Four by four real (well, floating point…) matrices are used in computer graphics to represent projections. Sometimes we need to compute their inverses. How many multiplications are required?
- Valve's Source SDK implements the "pen&paper" algorithm: start with a 4×8 matrix whose left hand side is $A$ (the matrix to invert) and whose right hand side is $I_4$ (the 4×4 identity matrix); apply Gauss moves until the left hand side is $I_4$ and the right hand will be $A^{-1}$. This algorithm requires (by inspecting the code) $4 \cdot 8 + 4 \cdot 4 \cdot 8 = 160$ multiplications.
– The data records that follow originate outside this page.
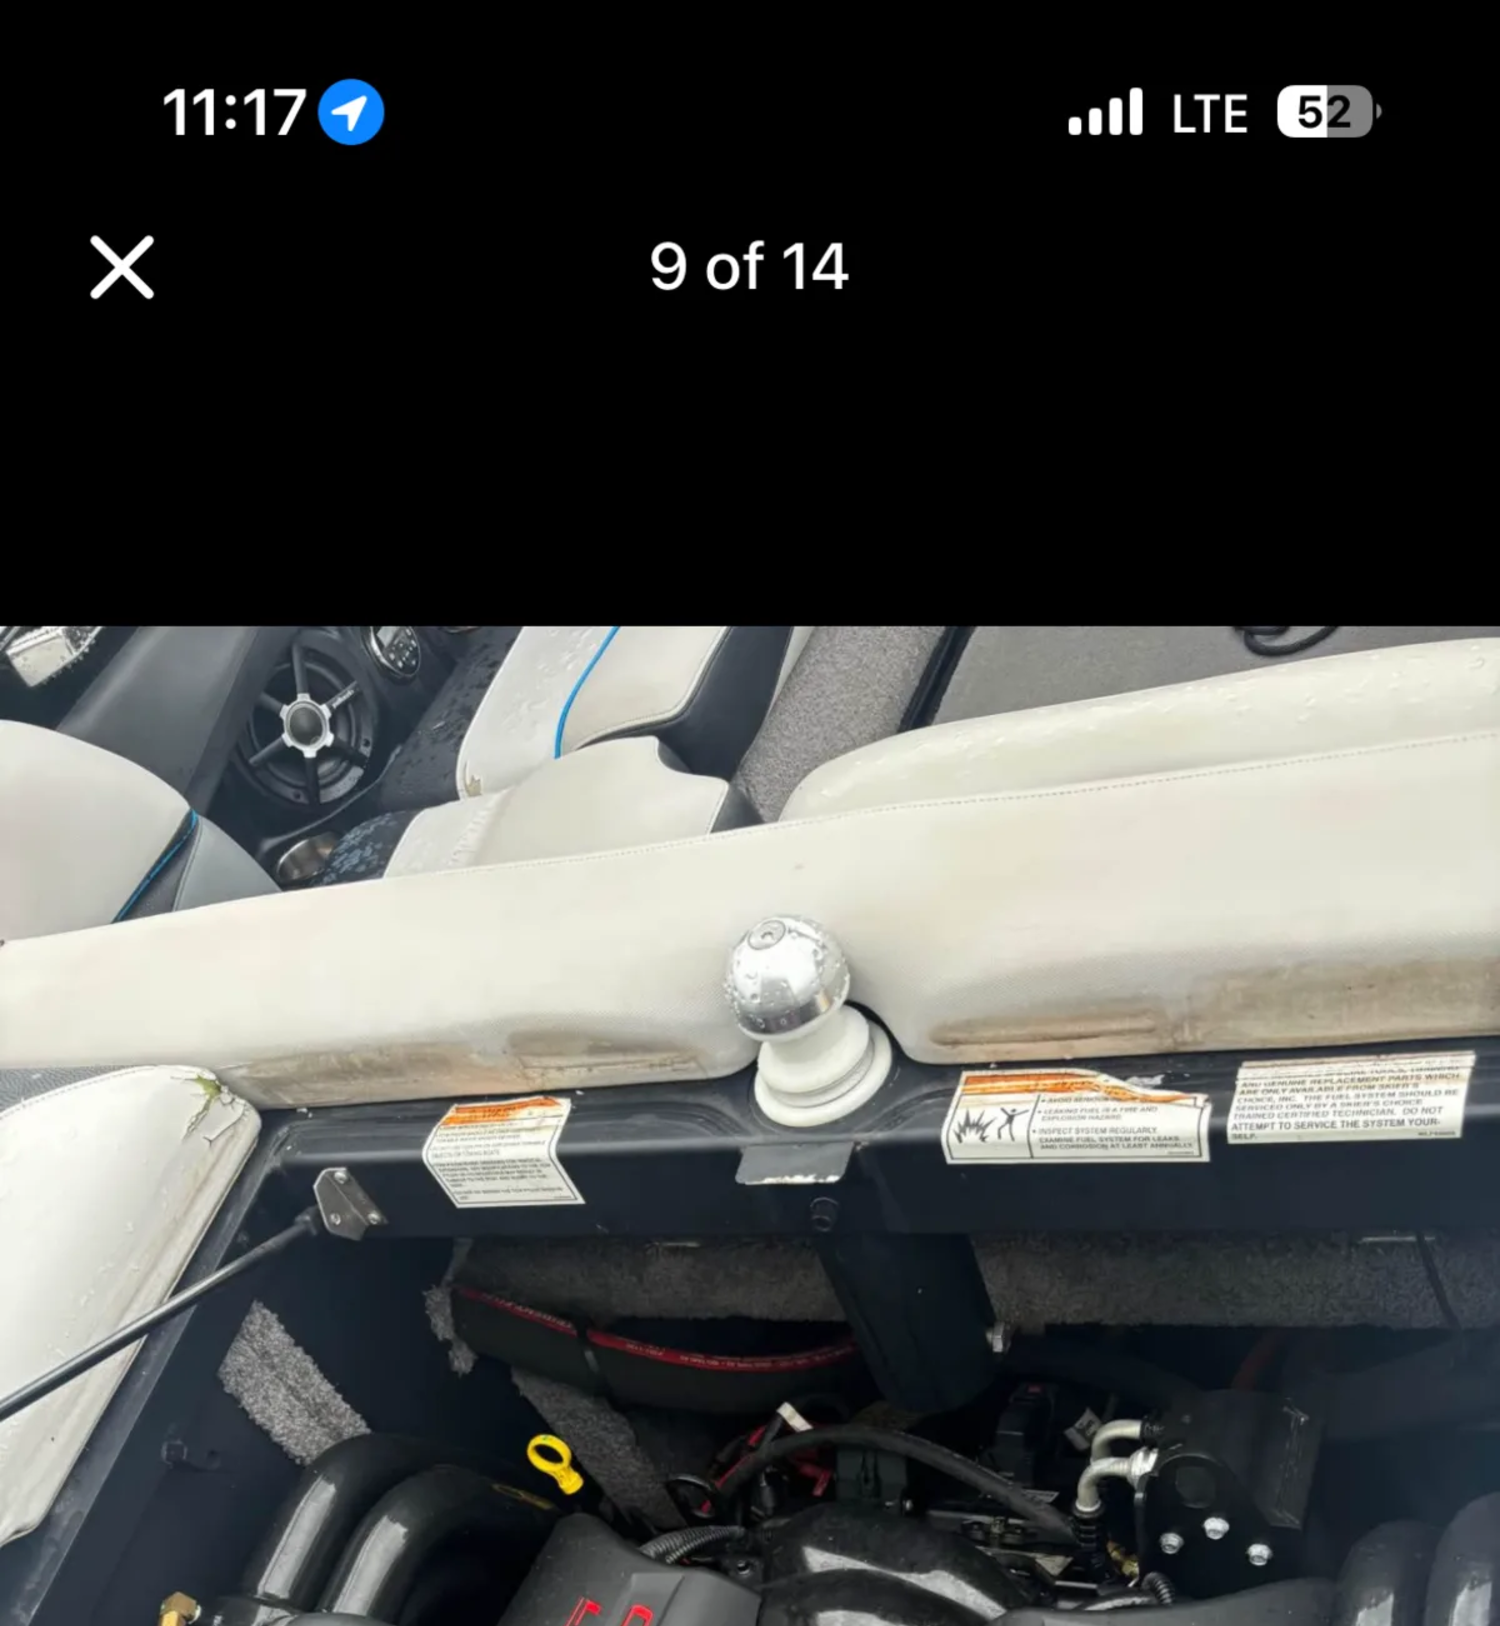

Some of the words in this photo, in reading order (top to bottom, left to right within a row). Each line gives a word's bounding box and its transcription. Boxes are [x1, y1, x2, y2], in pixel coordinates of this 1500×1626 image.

[1310, 1076, 1386, 1085] REPLACEMENT
[1424, 1072, 1461, 1080] WHICH
[1260, 1087, 1288, 1095] ONLY
[1289, 1086, 1344, 1094] AVAILABLE
[1354, 1091, 1396, 1099] SYSTEM
[1382, 1099, 1424, 1107] CHOICE
[1233, 1112, 1276, 1120] TRAINED
[1277, 1110, 1331, 1119] CERTIFIED
[1332, 1108, 1397, 1118] TECHNICIAN.
[1402, 1107, 1419, 1115] DO
[1420, 1106, 1444, 1115] NOT
[1231, 1121, 1276, 1131] ATTEMPT
[1279, 1121, 1292, 1130] TO
[1293, 1120, 1338, 1129] SERVICE
[1340, 1119, 1361, 1129] THE
[1362, 1118, 1406, 1128] SYSTEM
[1406, 1117, 1441, 1127] YOUR-
[1038, 1127, 1073, 1135] INSPECT
- Solving $AX = I$ applying Cramer's rule for each element and computing each 3×3 determinant with Sarrus's rule improves on that: we need $6 \cdot 16$ multiplications for the cofactors, then $4$ more for the determinant of the 4×4 matrix, plus $16$ multiplications for the inverse of that, for a total of $6 \cdot 16 + 4 + 16 = 116$ multiplications.
- Cleverly precalculating products of two elements as in this answer requires (again inspecting the code) $2\cdot 12 + 6 + 4 \cdot 16 = 94$ multiplications.
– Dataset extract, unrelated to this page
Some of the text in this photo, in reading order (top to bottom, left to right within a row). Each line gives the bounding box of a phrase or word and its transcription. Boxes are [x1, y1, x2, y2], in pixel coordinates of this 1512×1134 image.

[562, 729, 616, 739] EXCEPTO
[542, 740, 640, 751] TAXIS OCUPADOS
Can we do better? Can we prove we can't?
Best Answer
We can invert a 2x2 matrix with 6 multiplies and one inversion. By Strassen's algorithm, we can multiply 2x2 matrices with 7 multiplies.
Partition your 4x4 matrix as
$$\left( \begin{matrix} A & B \\ C & D \end{matrix} \right) $$
We will reduce this to the identity.
Compute the inverse of $A$.
Perform Gaussian elimination
$$\left( \begin{matrix} I & A^{-1} B \\ 0 & D - CA^{-1}B \end{matrix} \right) $$
Let $E = D - C A^{-1} B$. Now compute $E^{-1}$. We can now finish Gaussian elimination.
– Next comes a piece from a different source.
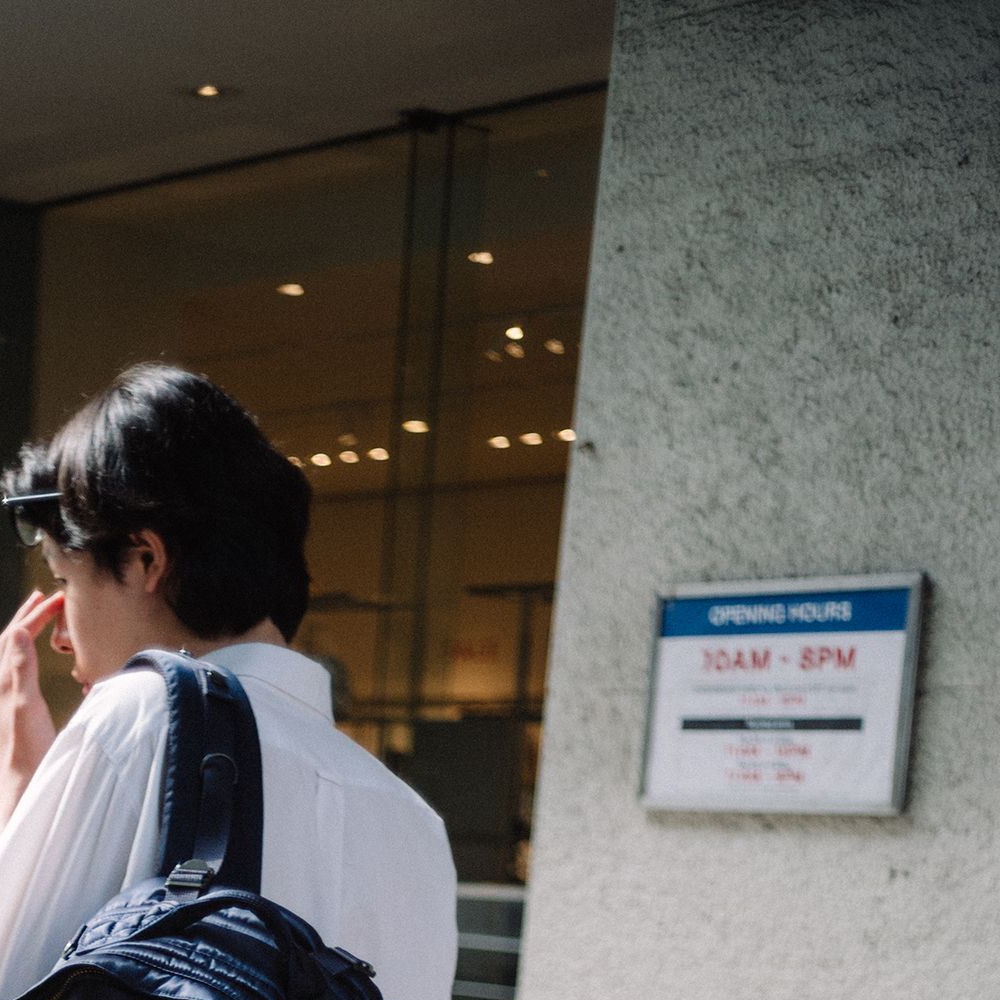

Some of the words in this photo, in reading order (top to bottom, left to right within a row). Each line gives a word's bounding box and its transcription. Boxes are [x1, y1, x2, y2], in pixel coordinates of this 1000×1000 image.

[708, 603, 785, 626] OPENING
[788, 601, 852, 623] HOURS
[702, 648, 771, 672] 10AM
Repeating these operations on an identity matrix tells us that the inverse is
$$ \left( \begin{matrix} A^{-1} + A^{-1} B E^{-1} C A^{-1} & -A^{-1} B E^{-1} \\ -E^{-1} C A^{-1} & E^{-1} \end{matrix} \right) $$
The calculation of this inverse requires two matrix inversions (12 multiplies and 2 real inversions), and six 2x2 multiplies:
for 54 multiplies and 2 real inversions in all.
Of course, using Strassen's algorithm for 2x2 matrices is a terrible idea. I don't know if the above organization of the calculation is reasonable or not even if you don't use Strasses algorithm; I suspect it is unlikely.
If $A$ turns out to be singular, you have to partition the matrix differently to do the calculation.